### What is expected
The expected answer is the full listing, repeated exactly and free of images.

### Records shown
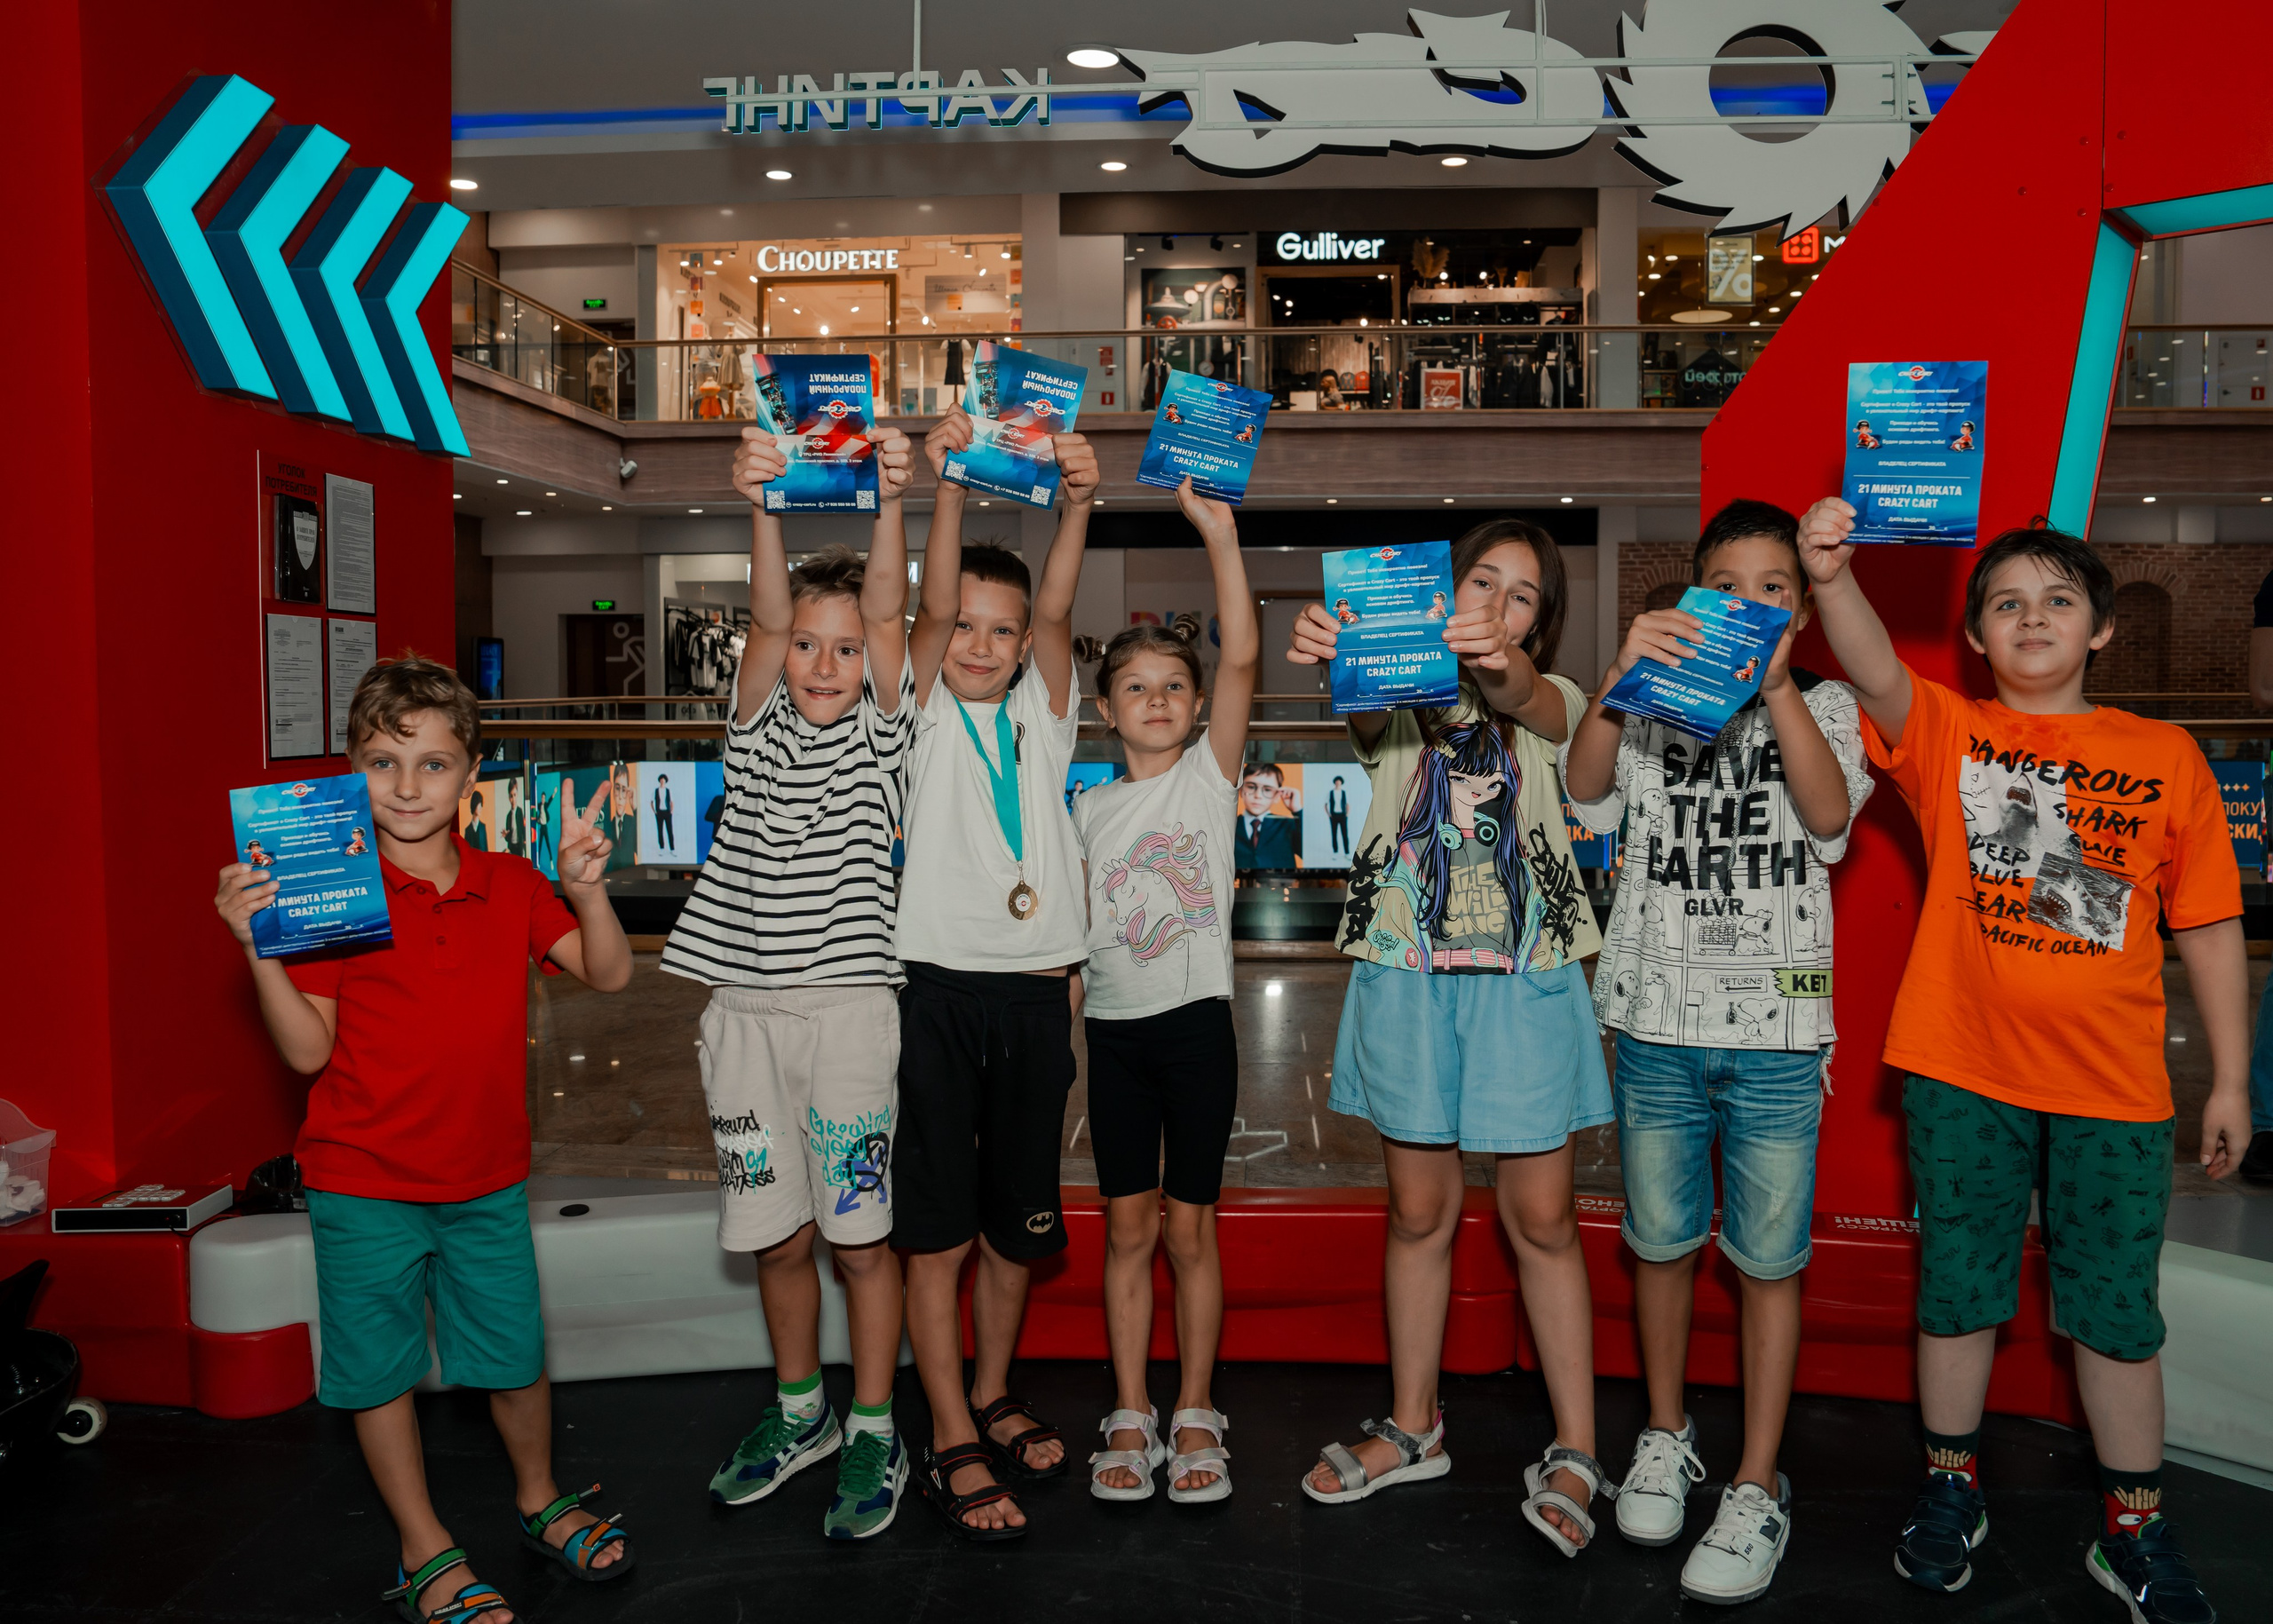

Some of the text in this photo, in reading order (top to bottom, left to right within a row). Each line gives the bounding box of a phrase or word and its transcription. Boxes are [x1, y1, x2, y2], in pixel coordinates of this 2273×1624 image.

[1276, 232, 1385, 260] Gulliver
[810, 373, 866, 383] СЕРТИФИКАТ
[1025, 370, 1079, 390] СЕРТИФИКАТ
[809, 384, 867, 394] ПОДАРОЧНЫЙ
[1022, 380, 1077, 400] ПОДАРОЧНЫЙ
[1168, 446, 1202, 459] МИНУТА
[1203, 454, 1238, 468] ПРОКАТА
[1172, 456, 1220, 472] CRAZY CART
[278, 462, 305, 478] УГОЛОК
[265, 476, 317, 497] ПОТРЕБИТЕЛЯ
[1857, 484, 1962, 495] 21 МИНУТА ПРОКАТА
[1878, 497, 1938, 508] CRAZY CART
[1345, 650, 1442, 667] 21 МИНУТА ПРОКАТА
[1366, 664, 1422, 677] CRAZY CART
[1640, 671, 1726, 706] 21 МИНУТА ПРОКАТА
[1651, 685, 1701, 706] CRAZY CART
[1664, 740, 1786, 789] SAVE
[1670, 790, 1769, 838] THE
[2054, 803, 2148, 839] SHARK
[1968, 832, 2030, 867] DEEP
[1970, 861, 2024, 888] BLUE
[277, 893, 320, 907] МИНУТА
[321, 886, 368, 900] ПРОКАТА
[288, 902, 348, 918] CRAZY CART
[1684, 899, 1744, 916] GLVR
[2051, 939, 2110, 956] OCEAN

### Written answer
Some of the text in this photo, in reading order (top to bottom, left to right within a row). Each line gives the bounding box of a phrase or word and its transcription. Boxes are [x1, y1, x2, y2], in pixel coordinates of this 2273×1624 image.

[1276, 232, 1385, 260] Gulliver
[810, 373, 866, 383] СЕРТИФИКАТ
[1025, 370, 1079, 390] СЕРТИФИКАТ
[809, 384, 867, 394] ПОДАРОЧНЫЙ
[1022, 380, 1077, 400] ПОДАРОЧНЫЙ
[1168, 446, 1202, 459] МИНУТА
[1203, 454, 1238, 468] ПРОКАТА
[1172, 456, 1220, 472] CRAZY CART
[278, 462, 305, 478] УГОЛОК
[265, 476, 317, 497] ПОТРЕБИТЕЛЯ
[1857, 484, 1962, 495] 21 МИНУТА ПРОКАТА
[1878, 497, 1938, 508] CRAZY CART
[1345, 650, 1442, 667] 21 МИНУТА ПРОКАТА
[1366, 664, 1422, 677] CRAZY CART
[1640, 671, 1726, 706] 21 МИНУТА ПРОКАТА
[1651, 685, 1701, 706] CRAZY CART
[1664, 740, 1786, 789] SAVE
[1670, 790, 1769, 838] THE
[2054, 803, 2148, 839] SHARK
[1968, 832, 2030, 867] DEEP
[1970, 861, 2024, 888] BLUE
[277, 893, 320, 907] МИНУТА
[321, 886, 368, 900] ПРОКАТА
[288, 902, 348, 918] CRAZY CART
[1684, 899, 1744, 916] GLVR
[2051, 939, 2110, 956] OCEAN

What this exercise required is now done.